Instruction 4 of Item 2(b) of Securities and Exchange Commission Regulation S-K was revised January 1, 2010 to state that "a registrant engaged in oil and gas producing activities shall provide the information required by Subpart 1200 of Regulation S–K." This is relevant in that Instruction 2 to paragraph (a)(2) states: “The registrant is permitted, but not required, to disclose probable or possible reserves pursuant to paragraphs (a)(2)(iv) through (a)(2)(vii) of this Item.”
"(26) Reserves. Reserves are estimated remaining quantities of oil and gas and related substances anticipated to be economically producible, as of a given date, by application of development projects to known accumulations. In addition, there must exist, or there must be a reasonable expectation that there will exist, the legal right to produce or a revenue interest in the production, installed means of delivering oil and gas or related substances to market, and all permits and financing required to implement the project.
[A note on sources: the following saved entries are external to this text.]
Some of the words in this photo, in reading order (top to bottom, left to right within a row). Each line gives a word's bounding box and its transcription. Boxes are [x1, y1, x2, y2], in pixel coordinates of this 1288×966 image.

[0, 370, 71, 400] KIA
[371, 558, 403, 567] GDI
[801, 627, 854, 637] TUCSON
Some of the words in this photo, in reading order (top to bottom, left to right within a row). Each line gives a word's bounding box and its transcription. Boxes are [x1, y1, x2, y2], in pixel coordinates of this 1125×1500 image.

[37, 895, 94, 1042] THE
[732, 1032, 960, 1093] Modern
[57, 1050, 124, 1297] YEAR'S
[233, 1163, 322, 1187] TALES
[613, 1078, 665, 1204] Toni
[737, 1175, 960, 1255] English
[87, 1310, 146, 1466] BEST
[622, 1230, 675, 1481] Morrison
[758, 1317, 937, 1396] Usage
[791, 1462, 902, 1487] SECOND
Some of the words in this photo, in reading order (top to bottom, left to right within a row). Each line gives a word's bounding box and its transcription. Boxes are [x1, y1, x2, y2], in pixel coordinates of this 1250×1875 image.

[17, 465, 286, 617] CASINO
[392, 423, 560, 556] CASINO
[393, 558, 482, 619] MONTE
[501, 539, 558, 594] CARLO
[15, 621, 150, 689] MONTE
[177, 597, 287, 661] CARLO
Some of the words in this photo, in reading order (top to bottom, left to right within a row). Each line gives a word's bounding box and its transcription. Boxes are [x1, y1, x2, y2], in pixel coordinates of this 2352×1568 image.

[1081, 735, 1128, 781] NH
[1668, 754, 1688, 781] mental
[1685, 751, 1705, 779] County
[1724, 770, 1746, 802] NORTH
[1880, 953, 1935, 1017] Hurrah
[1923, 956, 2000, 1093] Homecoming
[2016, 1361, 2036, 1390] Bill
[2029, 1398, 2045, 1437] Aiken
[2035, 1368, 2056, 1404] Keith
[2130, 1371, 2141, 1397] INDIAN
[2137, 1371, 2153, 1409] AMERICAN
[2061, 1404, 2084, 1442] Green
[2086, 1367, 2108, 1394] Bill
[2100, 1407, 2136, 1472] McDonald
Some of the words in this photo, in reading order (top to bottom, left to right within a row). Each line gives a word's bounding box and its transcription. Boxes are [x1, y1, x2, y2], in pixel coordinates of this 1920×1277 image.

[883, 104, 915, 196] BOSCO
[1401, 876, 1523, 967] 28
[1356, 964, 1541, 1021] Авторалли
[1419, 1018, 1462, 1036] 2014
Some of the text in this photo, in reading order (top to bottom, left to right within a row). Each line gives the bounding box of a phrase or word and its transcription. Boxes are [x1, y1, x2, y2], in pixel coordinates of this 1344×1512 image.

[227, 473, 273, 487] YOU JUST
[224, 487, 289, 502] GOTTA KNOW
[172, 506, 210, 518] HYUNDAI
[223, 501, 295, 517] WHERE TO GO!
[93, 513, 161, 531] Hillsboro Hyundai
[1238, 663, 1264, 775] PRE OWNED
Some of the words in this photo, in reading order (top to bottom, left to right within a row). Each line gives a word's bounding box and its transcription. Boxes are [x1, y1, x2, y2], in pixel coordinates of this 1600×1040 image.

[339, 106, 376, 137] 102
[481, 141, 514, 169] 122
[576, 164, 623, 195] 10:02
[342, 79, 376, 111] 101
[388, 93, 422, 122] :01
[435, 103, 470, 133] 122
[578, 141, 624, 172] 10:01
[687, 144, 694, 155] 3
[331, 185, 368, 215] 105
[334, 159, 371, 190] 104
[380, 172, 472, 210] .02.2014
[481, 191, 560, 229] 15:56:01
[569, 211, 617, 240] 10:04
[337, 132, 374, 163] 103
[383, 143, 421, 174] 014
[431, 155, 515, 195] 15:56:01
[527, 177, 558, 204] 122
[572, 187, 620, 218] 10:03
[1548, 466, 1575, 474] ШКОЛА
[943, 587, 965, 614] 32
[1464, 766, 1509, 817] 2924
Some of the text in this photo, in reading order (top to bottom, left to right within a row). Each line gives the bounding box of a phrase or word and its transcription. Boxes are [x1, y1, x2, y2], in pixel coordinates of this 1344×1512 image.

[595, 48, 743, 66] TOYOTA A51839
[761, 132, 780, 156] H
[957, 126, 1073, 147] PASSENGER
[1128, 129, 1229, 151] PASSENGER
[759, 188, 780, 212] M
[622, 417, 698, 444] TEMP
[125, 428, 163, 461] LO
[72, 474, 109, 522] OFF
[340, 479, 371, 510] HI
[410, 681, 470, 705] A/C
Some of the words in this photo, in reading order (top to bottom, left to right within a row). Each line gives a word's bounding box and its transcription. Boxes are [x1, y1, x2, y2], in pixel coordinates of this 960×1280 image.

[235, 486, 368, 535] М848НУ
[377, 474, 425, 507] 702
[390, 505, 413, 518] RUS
“Note to paragraph (26): Reserves should not be assigned to adjacent reservoirs isolated by major, potentially sealing, faults until those reservoirs are penetrated and evaluated as economically producible. Reserves should not be assigned to areas that are clearly separated from a known accumulation by a non-productive reservoir (i.e., absence of reservoir, structurally low reservoir, or negative test results). Such areas may contain prospective resources (i.e., potentially recoverable resources from undiscovered accumulations).”